Wednesday, 13 October 2010

I am an arse - well partially at least

It seems publishers are beginning to look to self published authors for their next talent. This is great news for self published authors waiting to be discovered. But look just below the surface of these claims and you discover that publishers are looking for self publishers who have achieved good sales of their self published books. So they seem to be using successful self published authors as a way of reducing their exposure to risk.

Read Alan Rinzler's blog about this here

I’m a pretty incompetent publisher. I’m a fairly incompetent marketer. I’m a completely incompetent publicist. When it comes to being a self publicist I’m a total arse! I am a self publisher.

I can’t phone up a venue to say I’d like to do a book promotion for my own book because I feel like they will think I’m a wannabe, unable to find a publisher because I’m crap. I know that’s not the case but it’s what’s going through my mind. During the brief time when I had a publicist I did readings, signings, all sorts, and I had a great time. Having somebody else to represent you gives you credibility. I can do all the web promotion, social networking, all that’s easy. When I started I chose a pen name so I could pretend to be a second person when I was acting as my publisher. That way I might disguise the fact that I was self published. It didn’t really help much because what I really needed was another team member.

I’m a writer, I’ve been writing for twenty years, mostly corporate or technical content with some copywriting and a bit of journalism thrown in for good measure. Now I’m trying to break into a new field, writing popular mass market comic fiction.

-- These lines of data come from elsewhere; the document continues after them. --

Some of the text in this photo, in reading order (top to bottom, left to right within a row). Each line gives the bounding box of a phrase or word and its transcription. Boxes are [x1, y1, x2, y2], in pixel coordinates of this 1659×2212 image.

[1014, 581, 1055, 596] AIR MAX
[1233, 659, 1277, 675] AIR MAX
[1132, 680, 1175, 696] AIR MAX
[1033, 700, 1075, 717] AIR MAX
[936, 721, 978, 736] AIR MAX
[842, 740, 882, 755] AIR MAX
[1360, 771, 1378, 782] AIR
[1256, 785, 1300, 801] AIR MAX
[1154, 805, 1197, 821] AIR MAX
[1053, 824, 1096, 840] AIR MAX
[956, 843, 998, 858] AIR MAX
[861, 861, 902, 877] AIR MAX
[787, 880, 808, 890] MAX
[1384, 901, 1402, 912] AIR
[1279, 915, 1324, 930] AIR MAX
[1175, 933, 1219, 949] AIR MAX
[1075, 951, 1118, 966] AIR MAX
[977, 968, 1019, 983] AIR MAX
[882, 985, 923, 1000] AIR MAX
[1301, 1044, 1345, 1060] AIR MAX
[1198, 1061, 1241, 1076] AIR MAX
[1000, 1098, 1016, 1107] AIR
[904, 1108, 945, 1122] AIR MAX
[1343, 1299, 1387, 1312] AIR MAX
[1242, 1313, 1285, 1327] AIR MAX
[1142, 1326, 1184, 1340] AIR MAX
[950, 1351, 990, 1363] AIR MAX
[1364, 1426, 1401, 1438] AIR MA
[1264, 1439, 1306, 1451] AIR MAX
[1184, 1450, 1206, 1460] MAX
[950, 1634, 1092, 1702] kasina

Saying that publishers are going to judge the potential of a self published book on sales seems ludicrous. I know these are businesses but, surely, when a manuscript lands on their desk they judge it on the manuscript. It’s got potential or it hasn’t. Expecting self published books to show fantastic sales is just saying that they only what to publish books by business gurus. I write deeply absurd comic fiction with philosophical themes that make people laugh out loud on the train. I know that’s true, my readers have told me so. But I don’t have tens of thousands of readers out there because I have no way of reaching the mass market. Even blogging and tweeting isn't going to  bring you to the level that the industry are looking for as people follow bloggers when they have whiff of success, rarely before. Plus some of the bigger on-line sellers list print on demand books as unavailable or out of print! The industry is actively blocking the one man bands.

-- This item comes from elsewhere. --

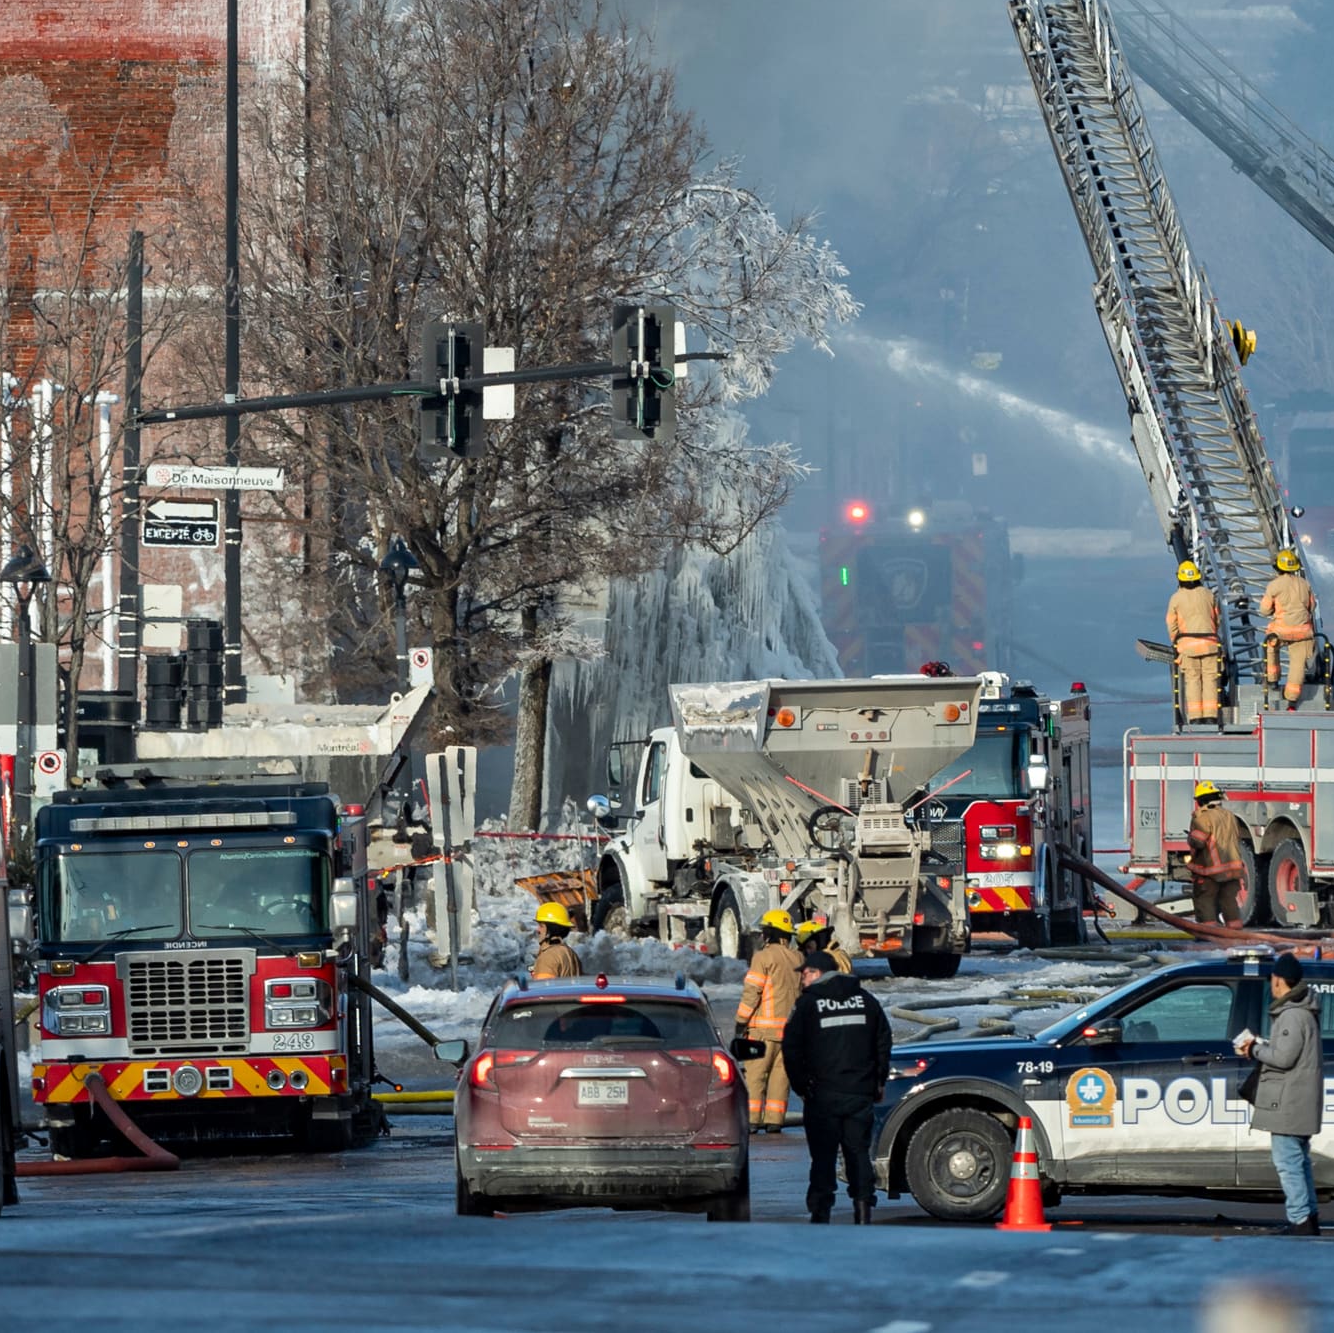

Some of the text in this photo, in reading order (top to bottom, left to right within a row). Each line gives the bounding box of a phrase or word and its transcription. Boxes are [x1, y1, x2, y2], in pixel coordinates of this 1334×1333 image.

Publishing insiders claim that there isn’t a wall around the industry. Saying that self published writers are welcome, then picking up one or two as an example to show how open the industry is, just means they have extended the wall to block a minor breach. The rest of us are still on the outside.

1 comment:

  1. All the gurus recommend that you outsource the stuff that you cannot do expertly yourself.

    I think you've answered your own question when it comes to 'Should I have a publicist?' They have the contacts and they don't have your shy retiring nature when it comes to blowing your trumpet for you.

    I know we all want to save money but, as you said, you need another team member. It's not just about ability, it's about time and the more time you're trying to self-publicise, the less you have to actually produce your own work.

    Not only that but publicists have the contacts who will help you get in with the publishers.